▶ _EXERCISE PROMPT_:
What you return should match every record exactly, with the images removed.

▶ _SUPPLIED RECORDS_:
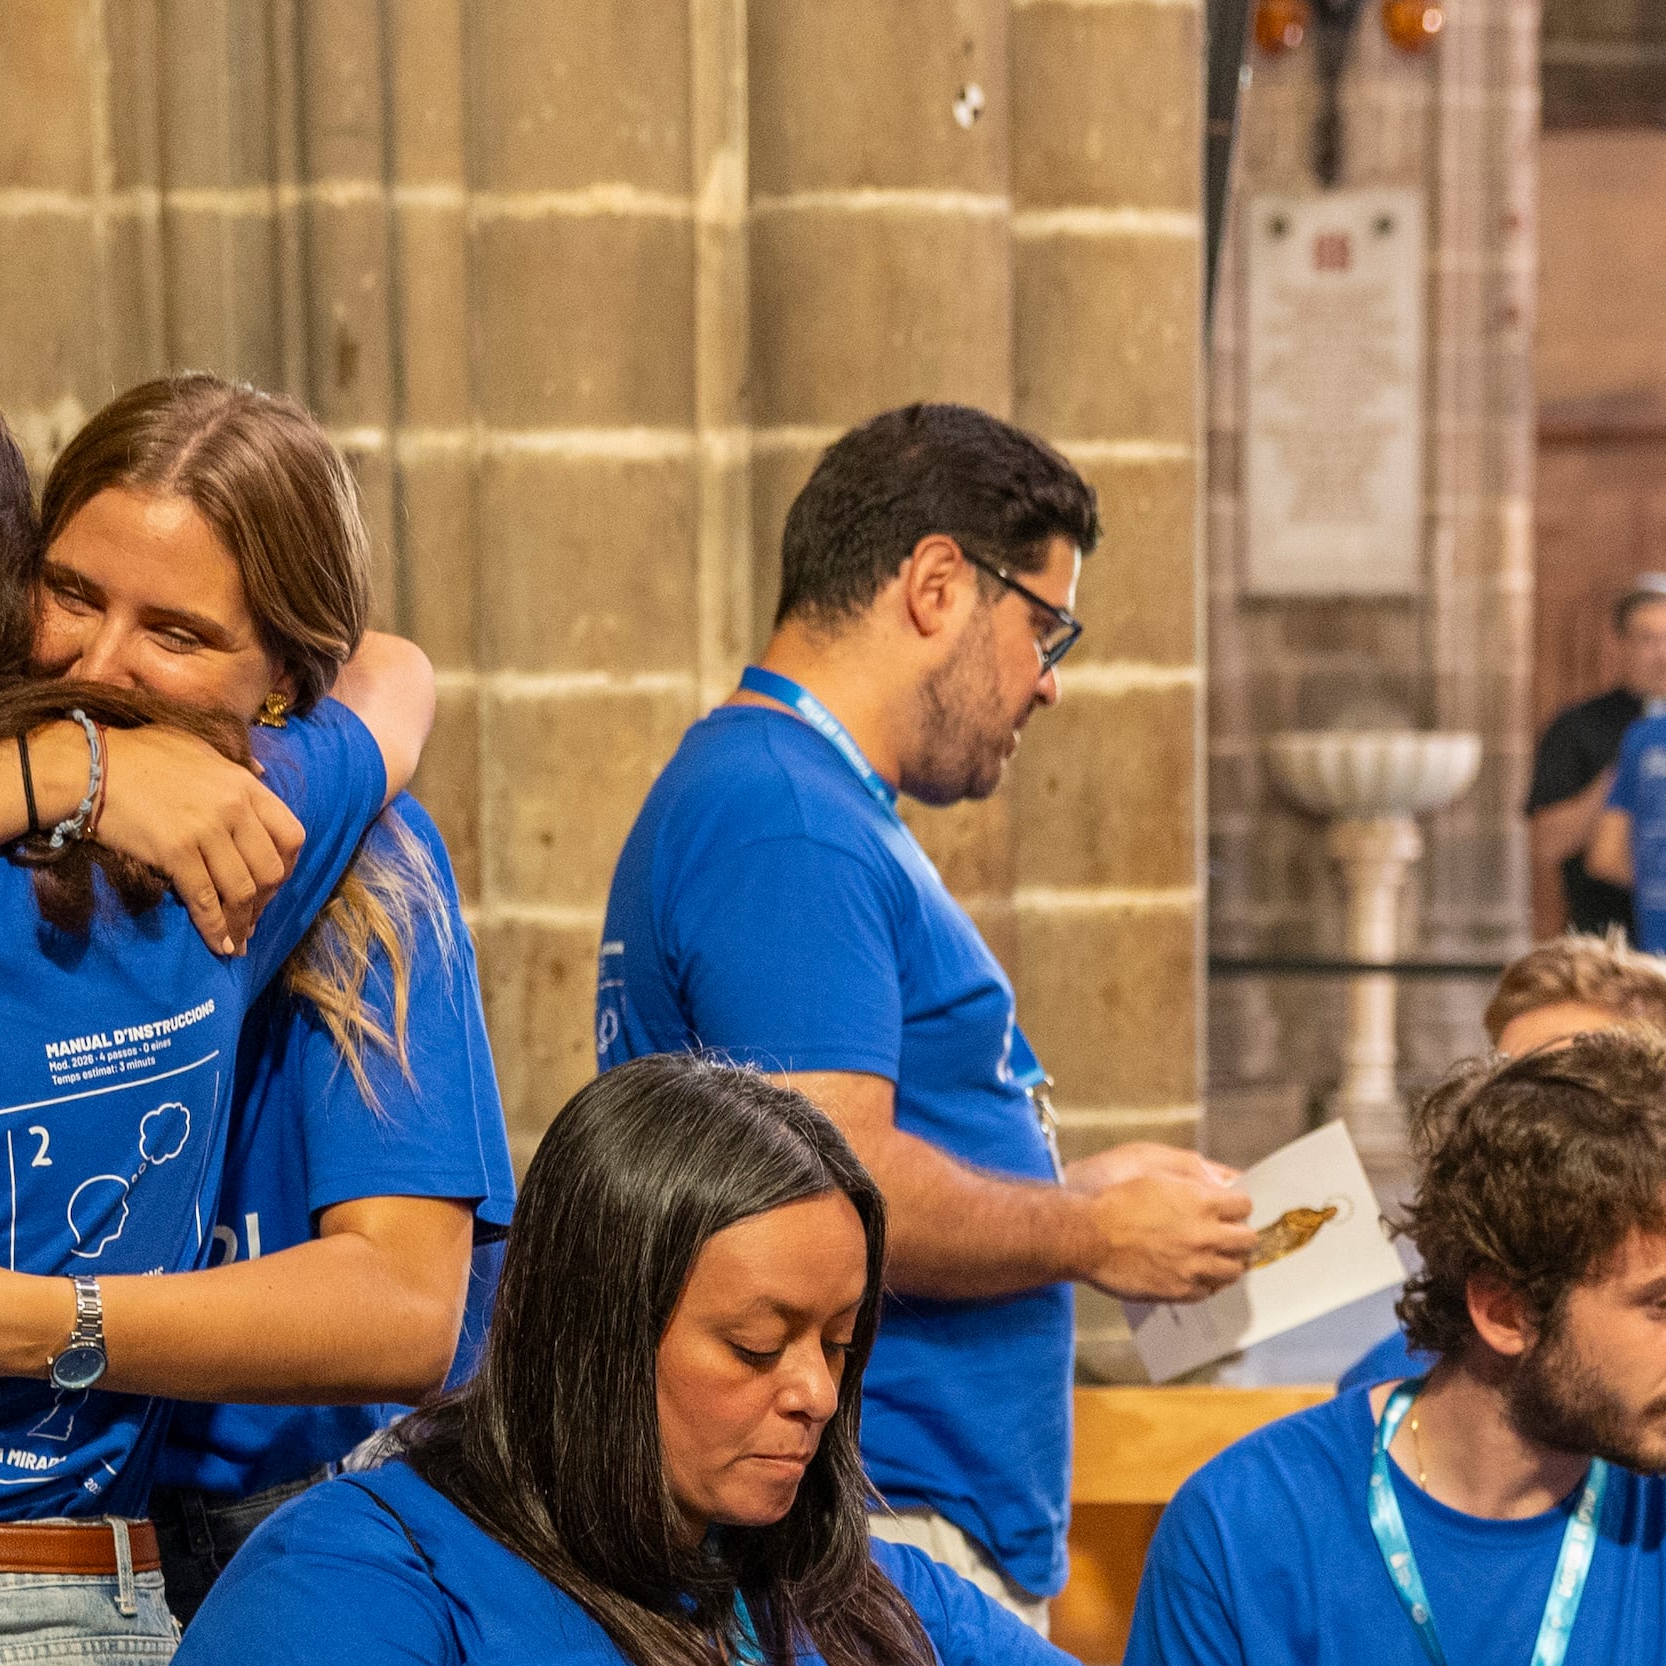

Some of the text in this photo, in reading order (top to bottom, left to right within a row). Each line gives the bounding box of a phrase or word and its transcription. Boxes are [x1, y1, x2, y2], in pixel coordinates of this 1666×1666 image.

[45, 998, 215, 1058] MANUAL D'INSTRUCCIONS
[49, 1061, 71, 1072] Mod.
[72, 1055, 93, 1068] 2026
[99, 1053, 106, 1063] 4
[107, 1046, 137, 1063] passos
[151, 1038, 171, 1051] eines
[52, 1056, 155, 1086] Temps estimat: 3 minuts
[28, 1126, 52, 1167] 2
[6, 1449, 67, 1470] MIRAD
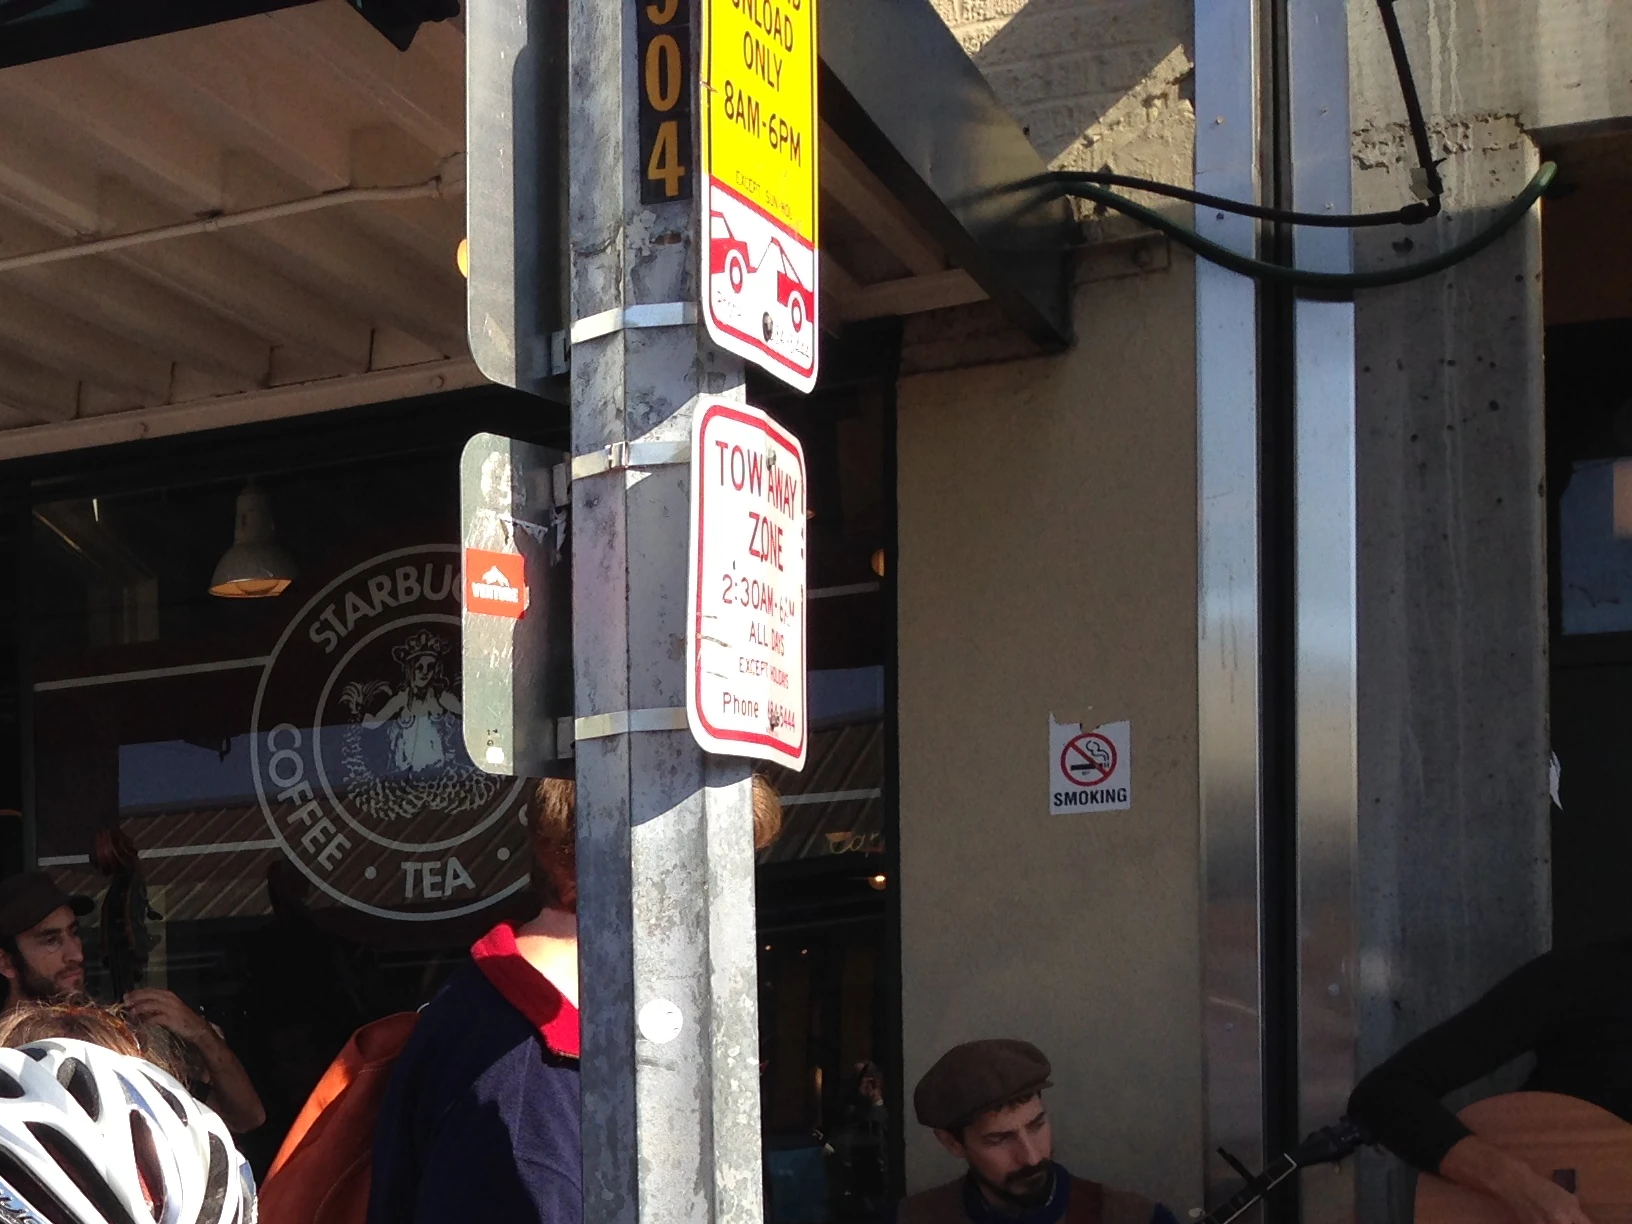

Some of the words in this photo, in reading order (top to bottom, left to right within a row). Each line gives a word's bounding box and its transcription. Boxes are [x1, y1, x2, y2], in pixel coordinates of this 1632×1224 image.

▶ _RESPONSE TO THE TASK_:
Some of the text in this photo, in reading order (top to bottom, left to right within a row). Each line gives the bounding box of a phrase or word and its transcription. Boxes are [x1, y1, x2, y2], in pixel coordinates of this 1666×1666 image.

[45, 998, 215, 1058] MANUAL D'INSTRUCCIONS
[49, 1061, 71, 1072] Mod.
[72, 1055, 93, 1068] 2026
[99, 1053, 106, 1063] 4
[107, 1046, 137, 1063] passos
[151, 1038, 171, 1051] eines
[52, 1056, 155, 1086] Temps estimat: 3 minuts
[28, 1126, 52, 1167] 2
[6, 1449, 67, 1470] MIRAD

Some of the words in this photo, in reading order (top to bottom, left to right within a row). Each line gives a word's bounding box and its transcription. Boxes are [x1, y1, x2, y2], in pixel coordinates of this 1632×1224 image.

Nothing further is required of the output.